Shah: I don’t know that I take heat personally, but I will say people are more likely — in my experience — to be more outwardly sexist than they will be outwardly racist, at least from a reporter’s perspective. That’s not to say there is less racism, just that people seem to hide it more. I’m lucky that college hockey is pretty small so I don’t — well, I don’t know if anyone doesn’t take my work seriously because I’m a woman. I suspect the people who don’t take my work seriously do so because I’m a brown woman, but I’ll also probably never know.
MarketWatch: Can you speak a bit about the health and growth of women’s hockey? Is the college system at least stable? What about recreational hockey, including for non-cis people?
Shah: Technically, yes, the college system should be stable because at this point a lot of those programs are staples. That being said, we’re not that far gone from North Dakota cutting their Olympian-producing women’s program. Unfortunately, the health of women’s hockey leagues in the U.S. (and I say leagues because there are not only cis women who play in those leagues, it is a place where those who are not cis men go), progress has been really slow and there’s just one league left now, which has its own host of problems and lack of inclusivity.
I’m not sure about recreational hockey because it’s not a space I’m very tapped into. In some ways, it is being more inclusive because you have recreational organizations like Madison Gay Hockey. But from a professional standpoint, it’s still not very friendly to those who are non-binary or trans. The Professional Women’s Hockey Players Association, however, may be more inclusive than the former National Women’s Hockey League, now branded as the Premier Hockey Federation.
“‘What leaves me most hopeful is the amount of people we had multi-hour conversations with while reporting and interviewing for this book. It’s proof that there are people who care about making hockey better…’”
— Jashvina Shah
MarketWatch: Perhaps a little out of the scope of the book, but talk if you can about race, gender, as well as economic inequity at the youth and park league level.

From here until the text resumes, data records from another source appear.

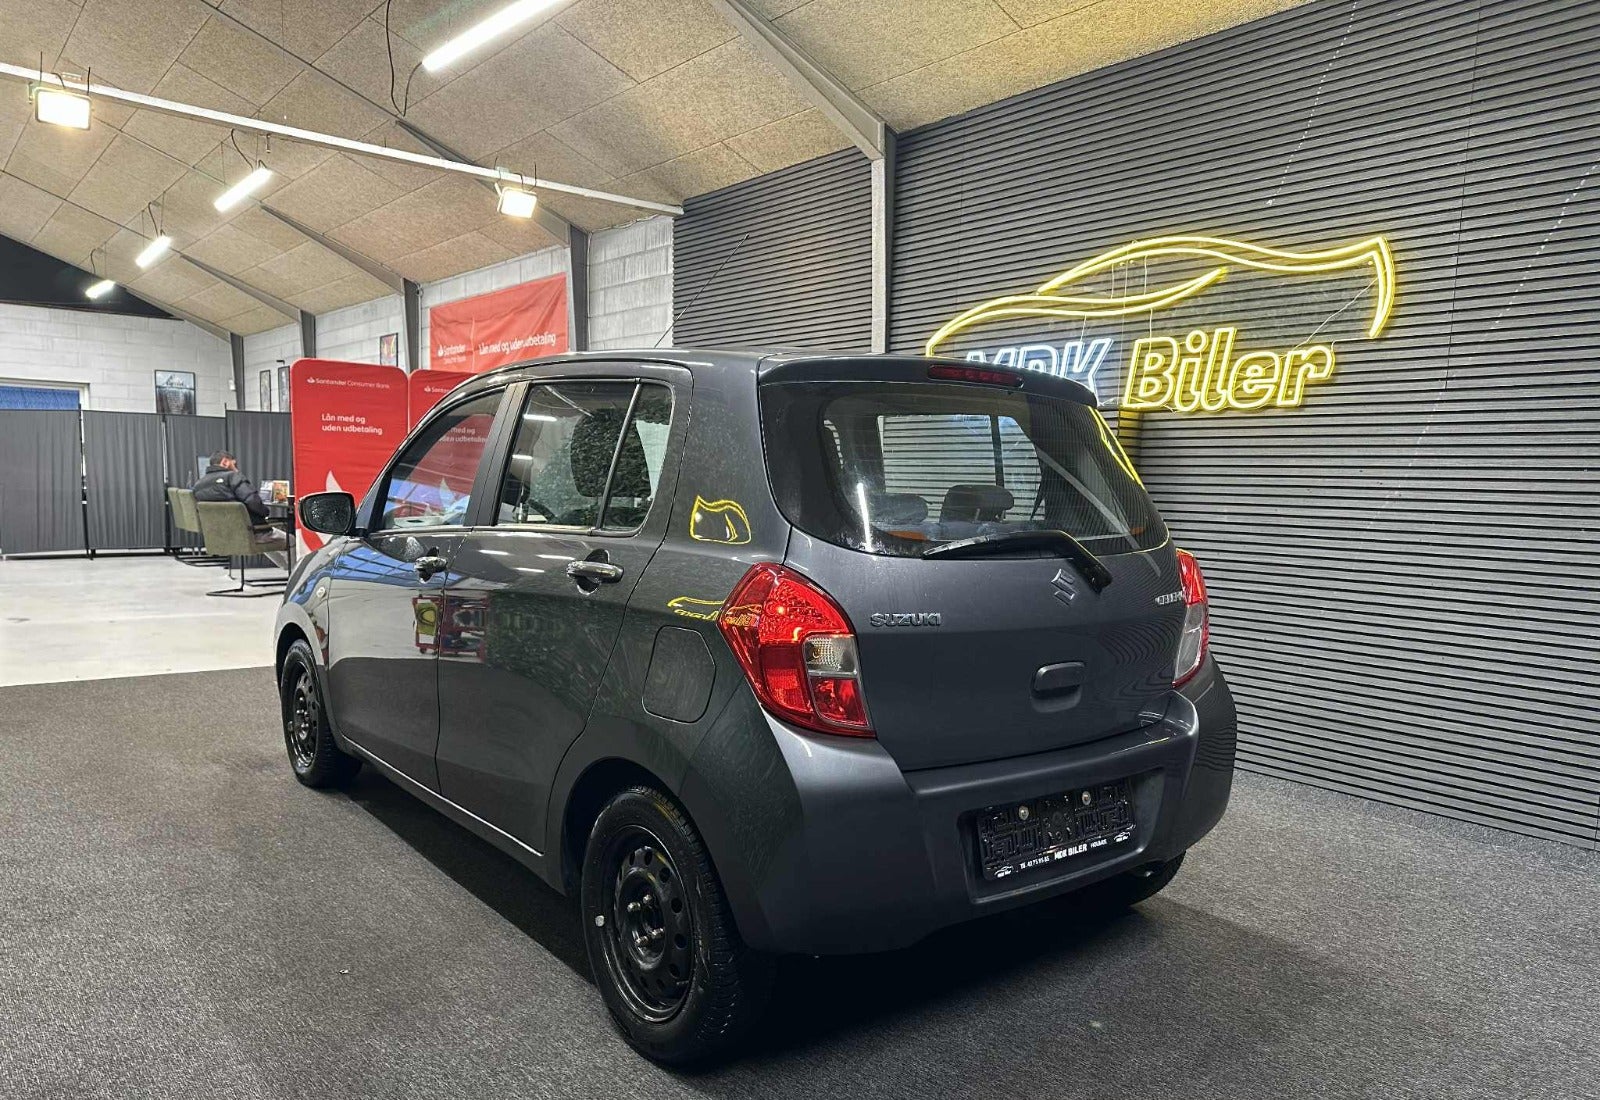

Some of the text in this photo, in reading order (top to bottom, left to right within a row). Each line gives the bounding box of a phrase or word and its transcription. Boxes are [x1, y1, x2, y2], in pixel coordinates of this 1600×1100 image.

[1122, 327, 1336, 412] Biler
[321, 413, 366, 424] Lån med og
[322, 424, 383, 436] uden udbetaling
[871, 612, 941, 627] SUZUKI
[1068, 843, 1088, 856] BILER

It is an expensive sport for quality equipment, distance to ice and ice-time scheduling. Have you seen positive developments in opening up the sport to more kids? And what about those who play for fun?
Moore: Hockey from the top down, whether you play for competition or fun in a beer league, is expensive. Hockey plays up the aspect of parents making sacrifices when their sons make the NHL. In terms of changes, I think making the sport more accessible in terms of location and capital would do wonders in terms of engagement. We need to remove the “merit badge” aspect of hockey. Making the sport unattainable is not a cause for celebration.

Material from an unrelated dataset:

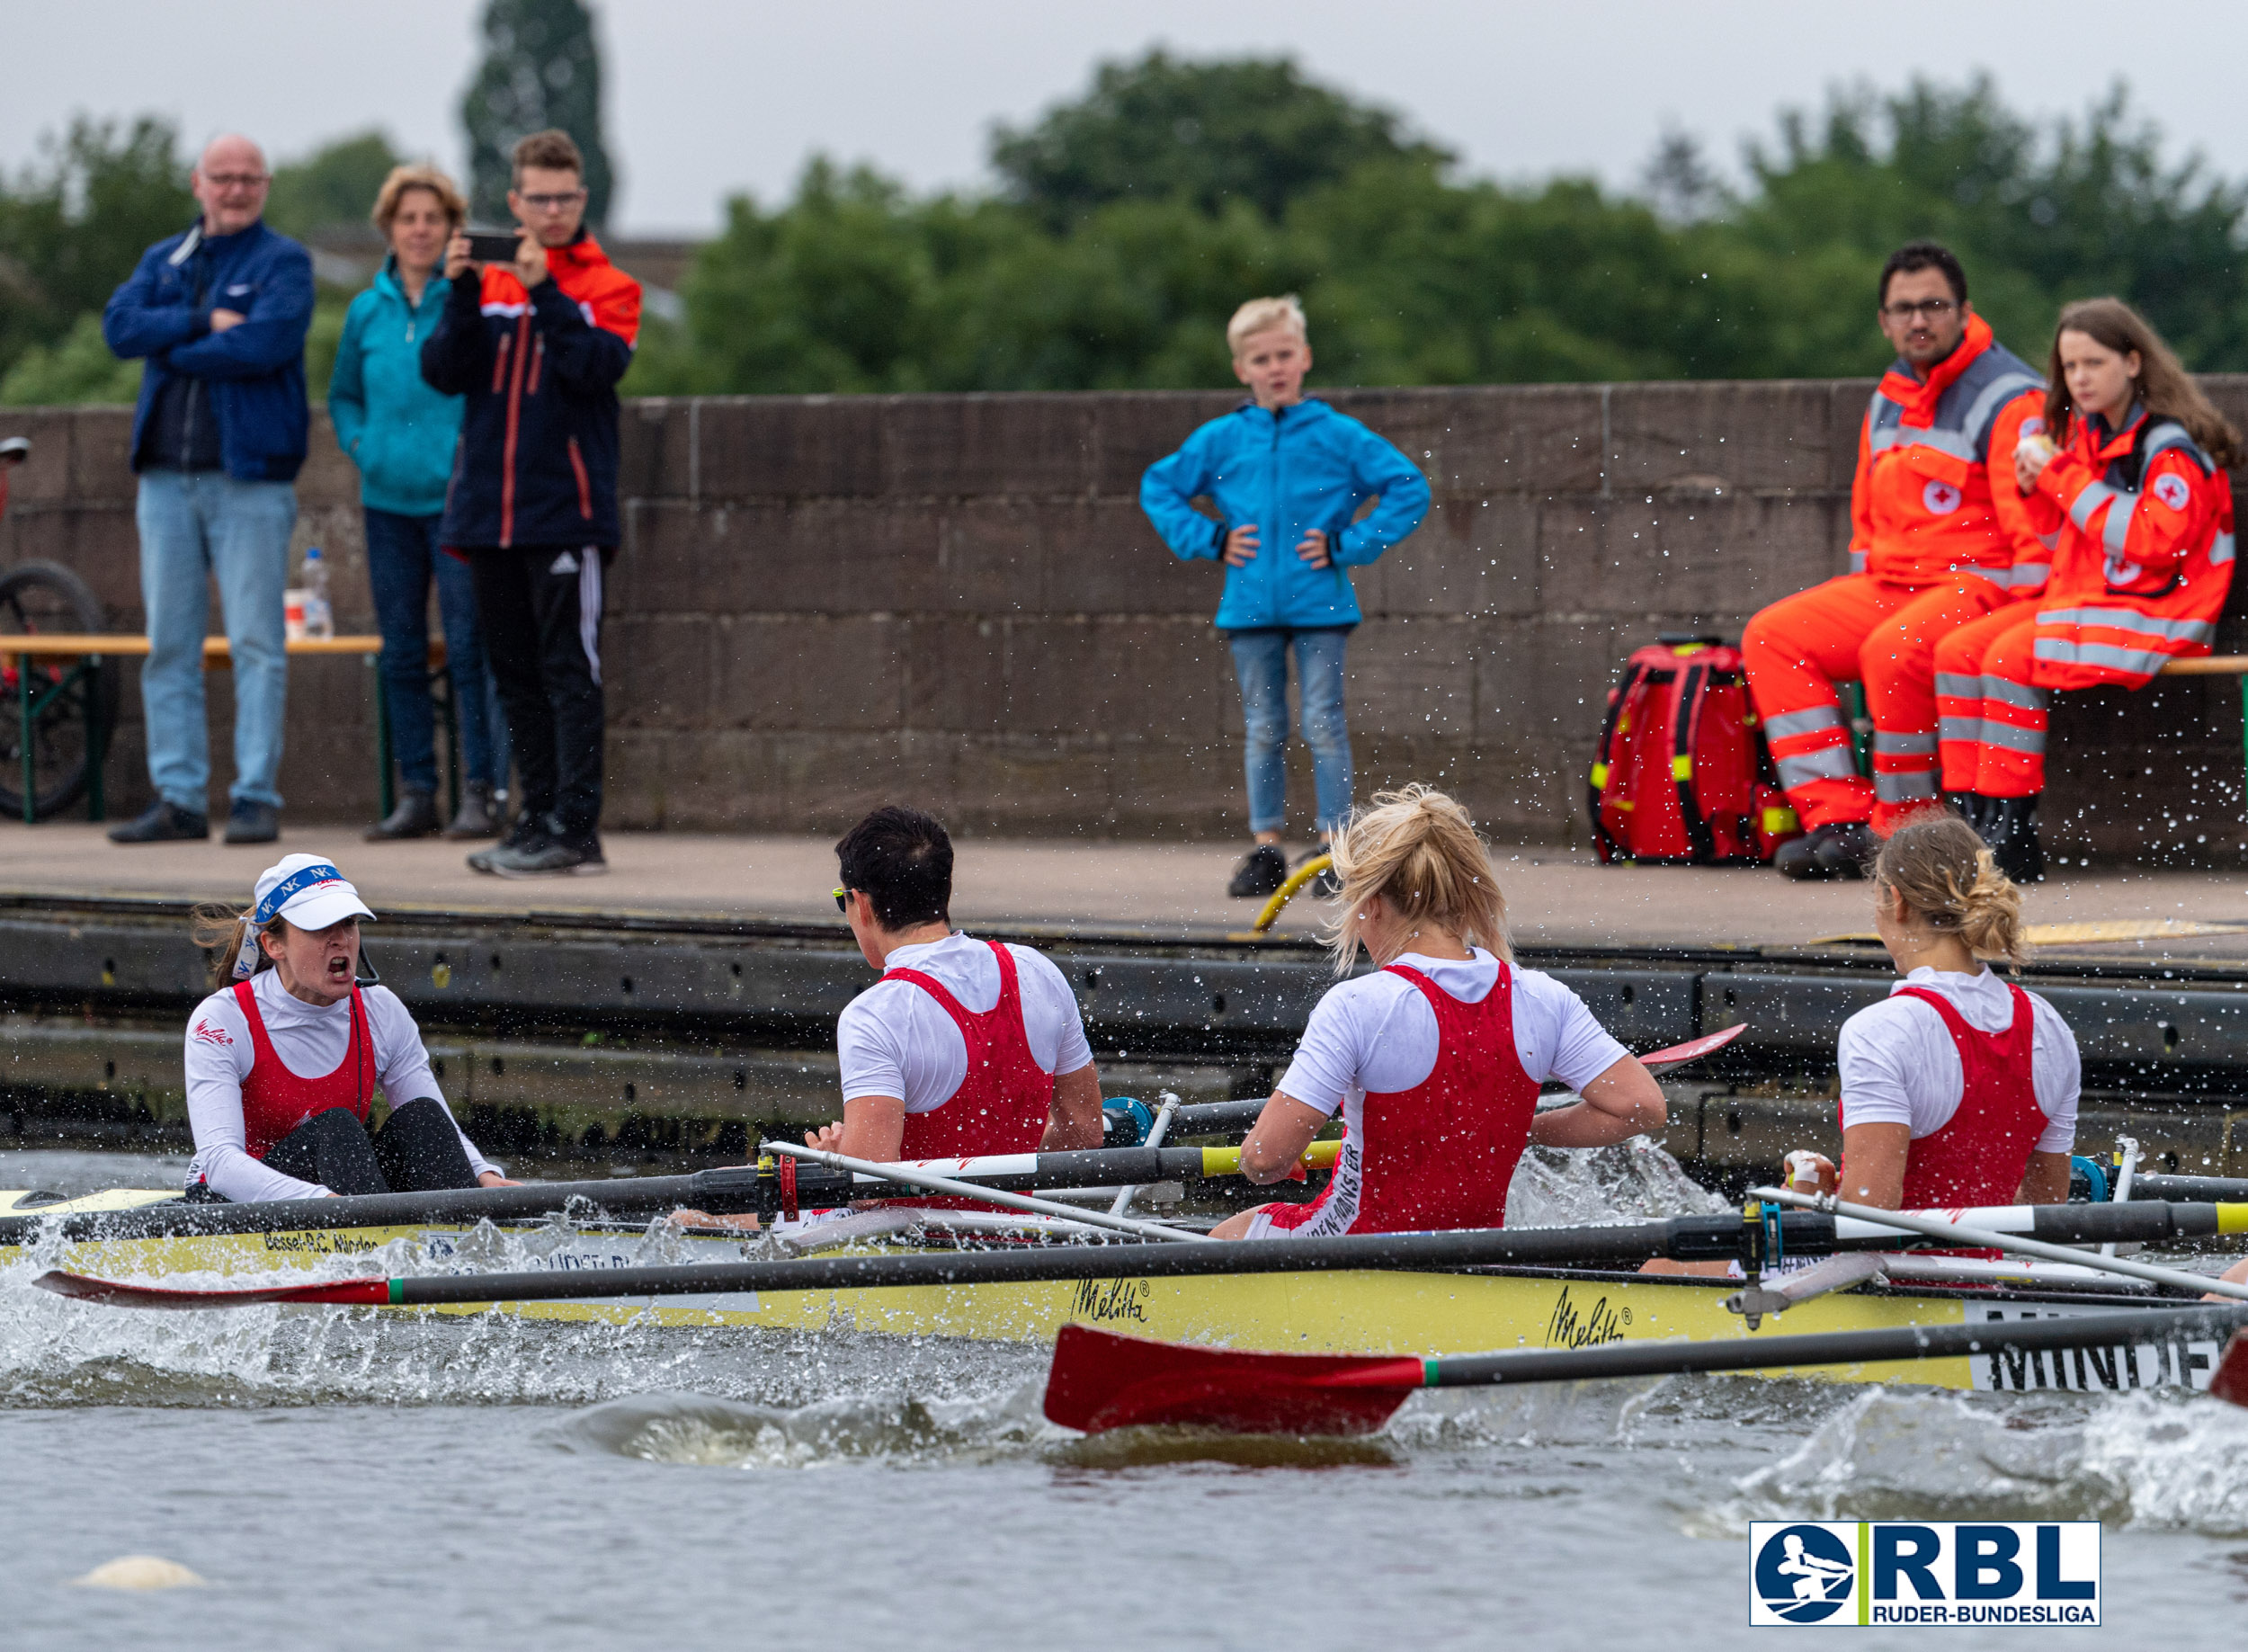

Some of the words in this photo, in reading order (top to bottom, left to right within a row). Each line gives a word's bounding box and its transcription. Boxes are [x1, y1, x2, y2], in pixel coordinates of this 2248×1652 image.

[261, 897, 275, 918] NK
[280, 877, 301, 897] NK
[309, 867, 332, 880] NK
[1069, 1277, 1148, 1323] Melitta

MarketWatch: What leaves you most hopeful about progress in the sport you both have such affection for?
Shah: What leaves me most hopeful is the amount of people we had multi-hour conversations with while reporting and interviewing for this book. It’s proof that there are people who care about making hockey better and that there are people out there who feel the same way we do, and just don’t have anyone to talk about it with.
Moore: The fact that hockey reached me, a Black kid from the South Side of Chicago, and a South Asian woman from New Jersey, shows anything is possible. And how so many folks are rooting for us and the success of the book, is a testament to the changing face of the sport.